A autonomia pode ser uma das coisas mais importantes que um cuidador ajuda a preservar
Cuidar de alguém não significa necessariamente assumir todas as decisões por essa pessoa. Em muitos momentos, cuidar significa justamente criar condições para que ela continue participando da própria vida.
Escolher uma atividade, conversar sobre a rotina, participar de uma tarefa, manter determinados hábitos possíveis ou simplesmente ser ouvido são pequenas formas de preservar autonomia.
Isso exige do cuidador atenção e equilíbrio.
É preciso saber quando ajudar, quando orientar e quando permitir que a pessoa faça aquilo que ainda consegue realizar por conta própria.

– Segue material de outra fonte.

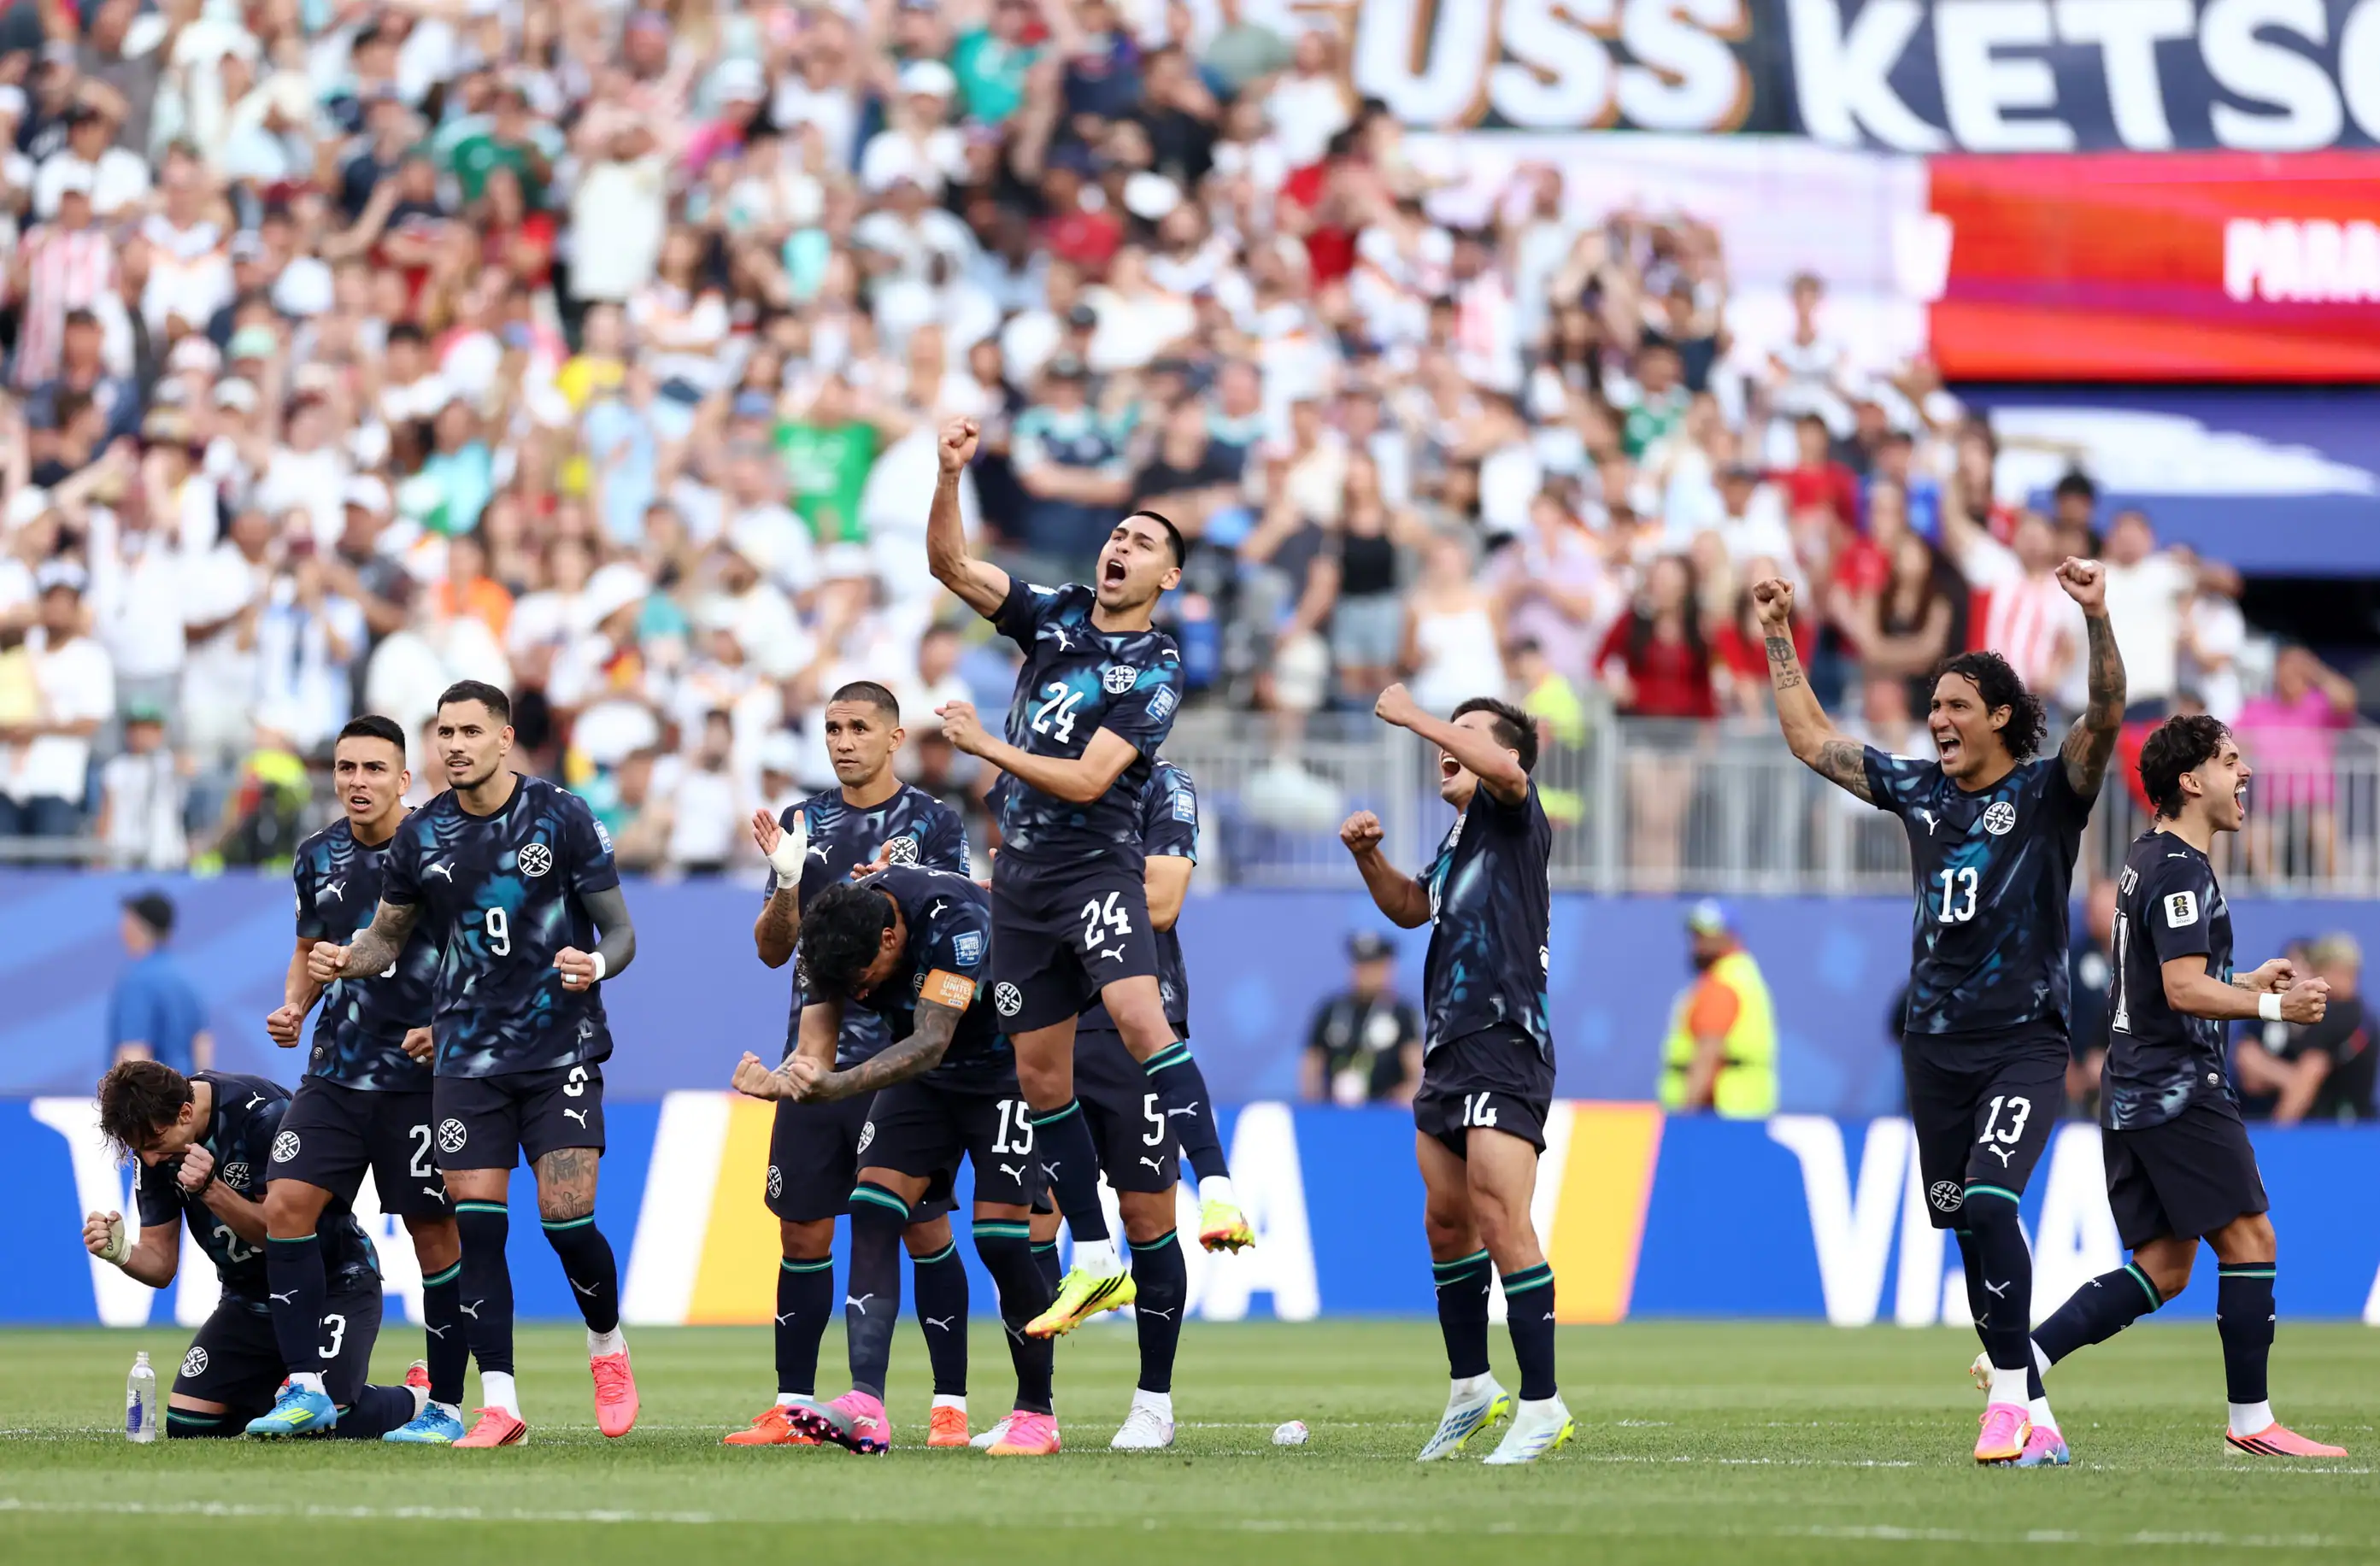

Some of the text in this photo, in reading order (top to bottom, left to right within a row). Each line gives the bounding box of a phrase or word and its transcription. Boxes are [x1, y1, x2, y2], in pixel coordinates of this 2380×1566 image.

[1031, 682, 1084, 744] 24
[1080, 891, 1132, 950] 24
[1938, 866, 1977, 923] 13
[485, 906, 511, 956] 9
[991, 1099, 1033, 1155] 15
[1143, 1093, 1165, 1146] 5
[1463, 1091, 1497, 1127] 14
[1978, 1095, 2031, 1144] 13
[409, 1124, 443, 1176] 2
[214, 1224, 262, 1263] 2
[319, 1313, 346, 1359] 3
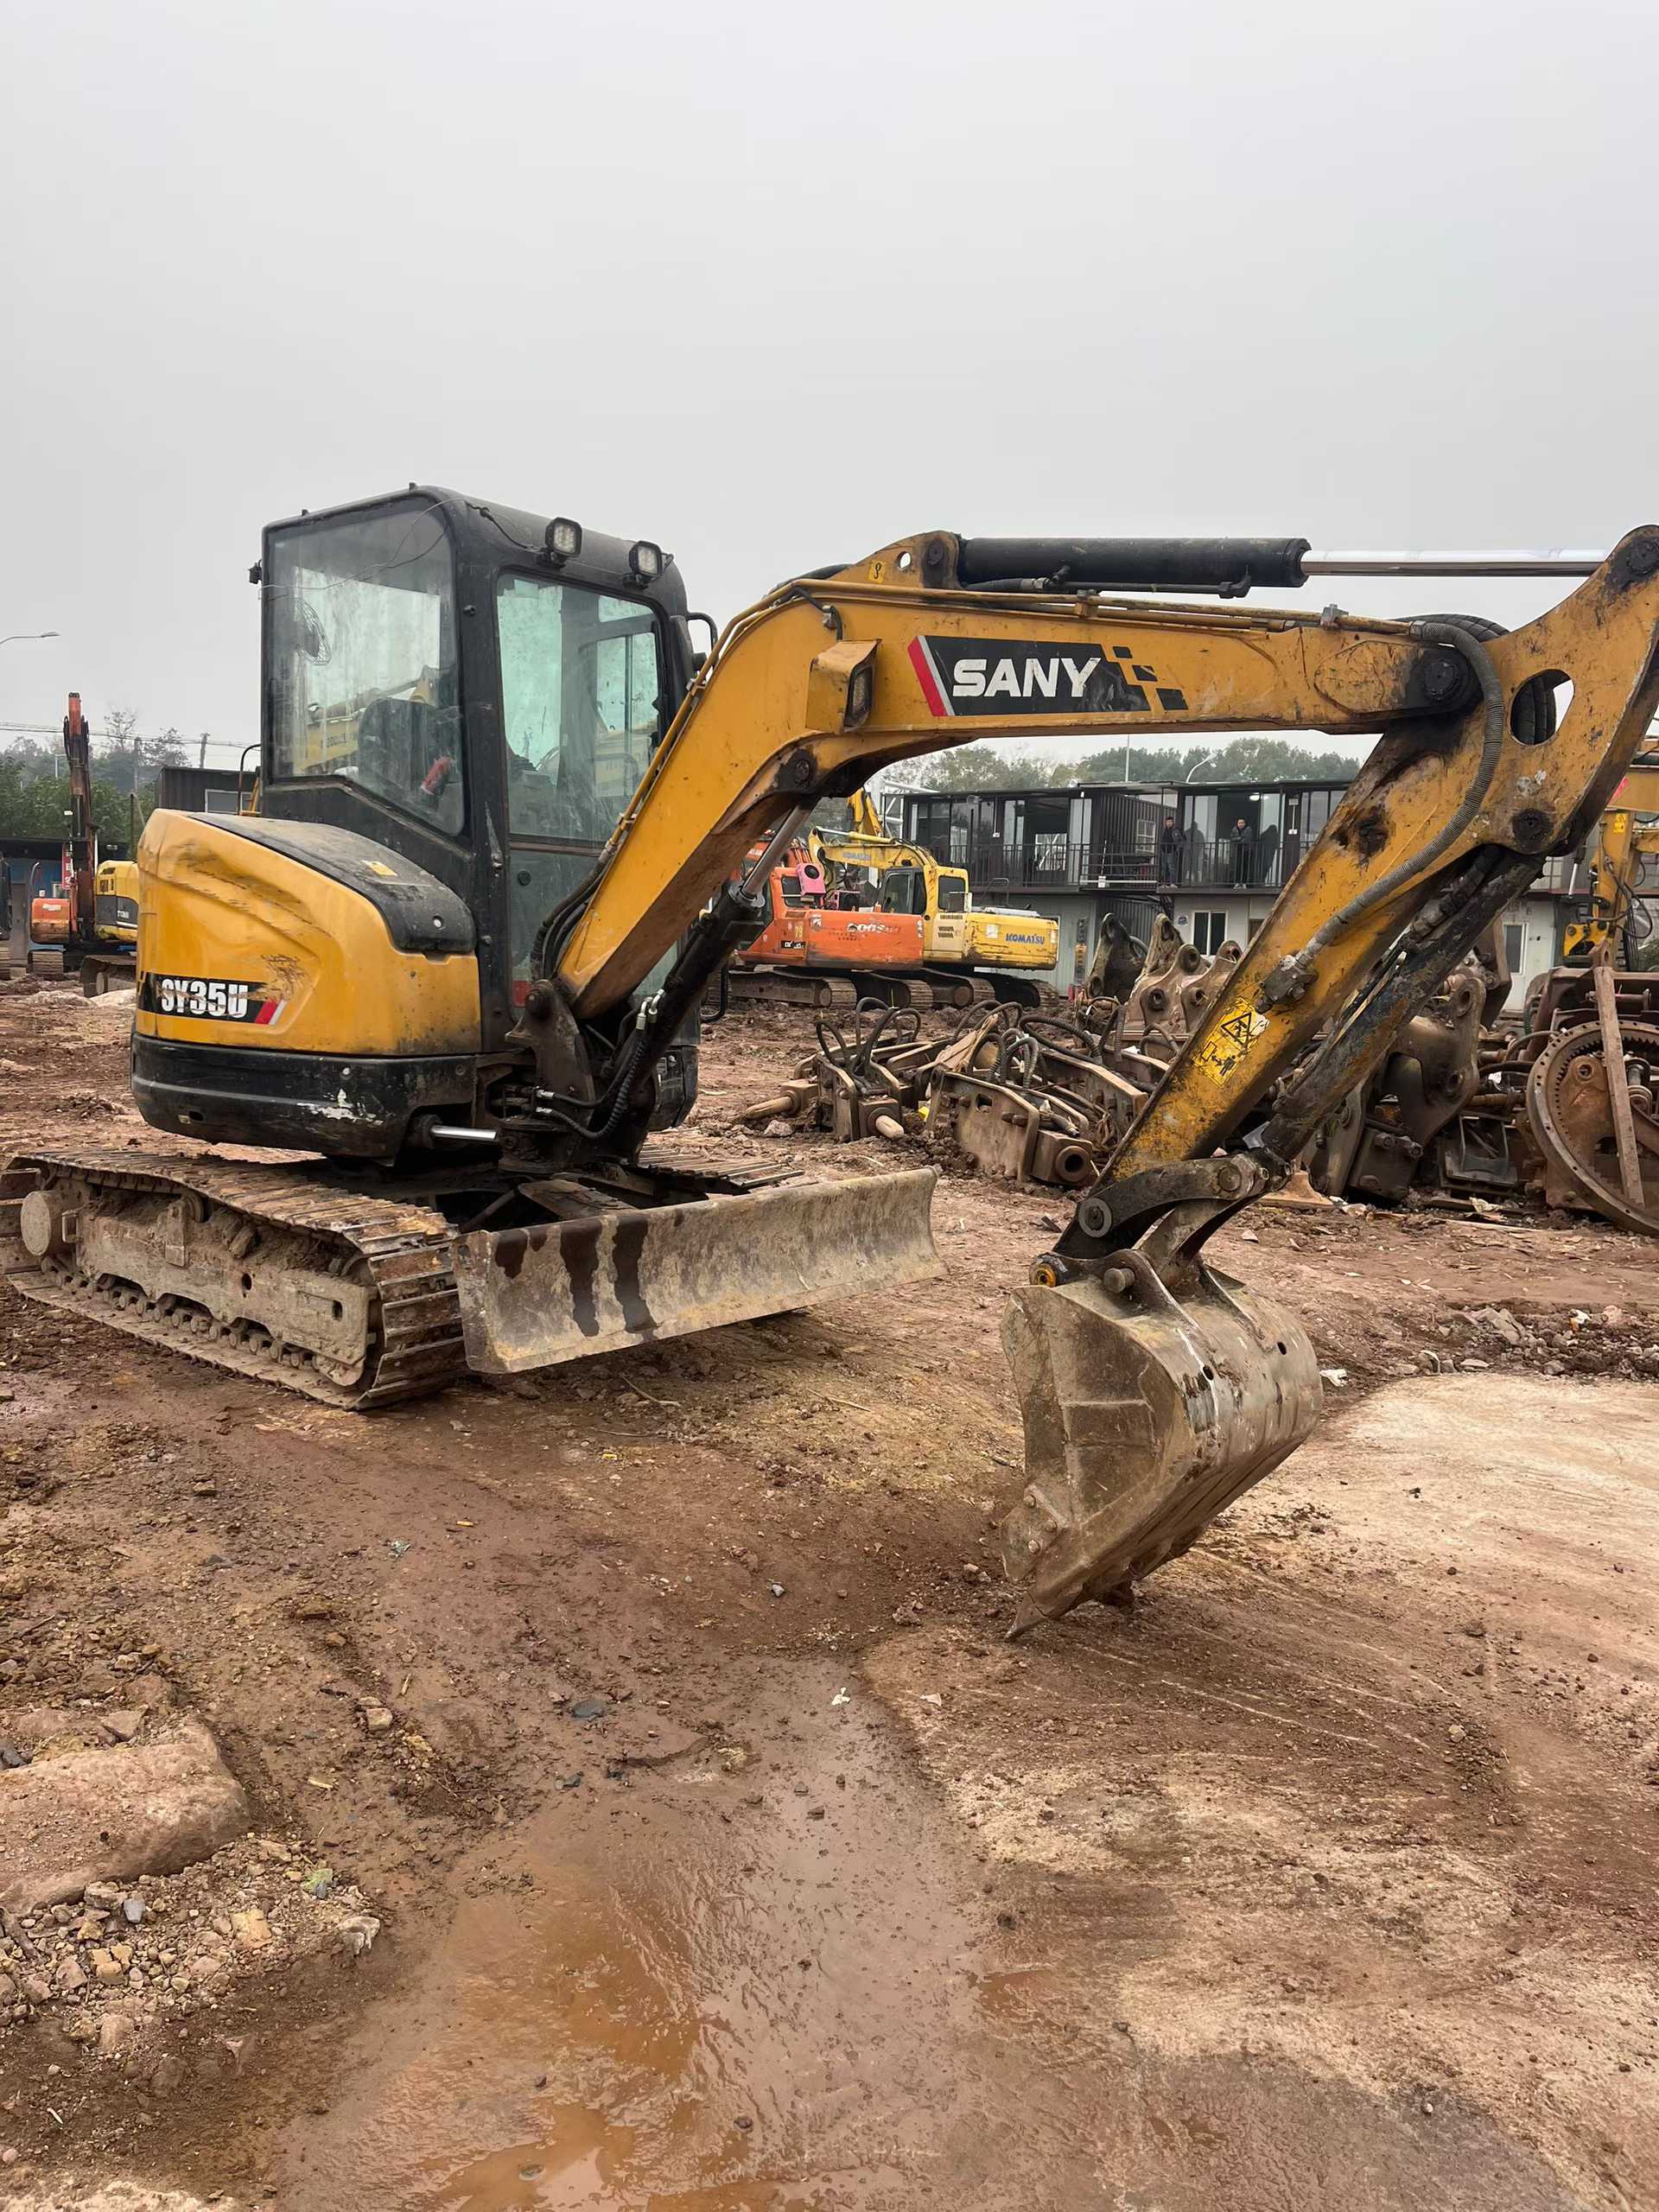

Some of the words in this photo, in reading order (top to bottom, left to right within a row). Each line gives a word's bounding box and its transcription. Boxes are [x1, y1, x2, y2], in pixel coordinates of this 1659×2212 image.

Essa percepção pode transformar a maneira como entendemos o próprio conceito de cuidado, porque, muitas vezes, ajudar alguém não significa fazer mais.
Significa compreender melhor quando fazer, como fazer e, principalmente, quando deixar que o outro faça.
É uma aprendizagem profissional, mas também humana.
E talvez seja justamente aí que o trabalho de cuidador possa provocar uma mudança profunda: ensinar que cuidar de alguém não é ocupar o lugar dessa pessoa, mas ajudá-la a continuar ocupando o seu próprio lugar na vida.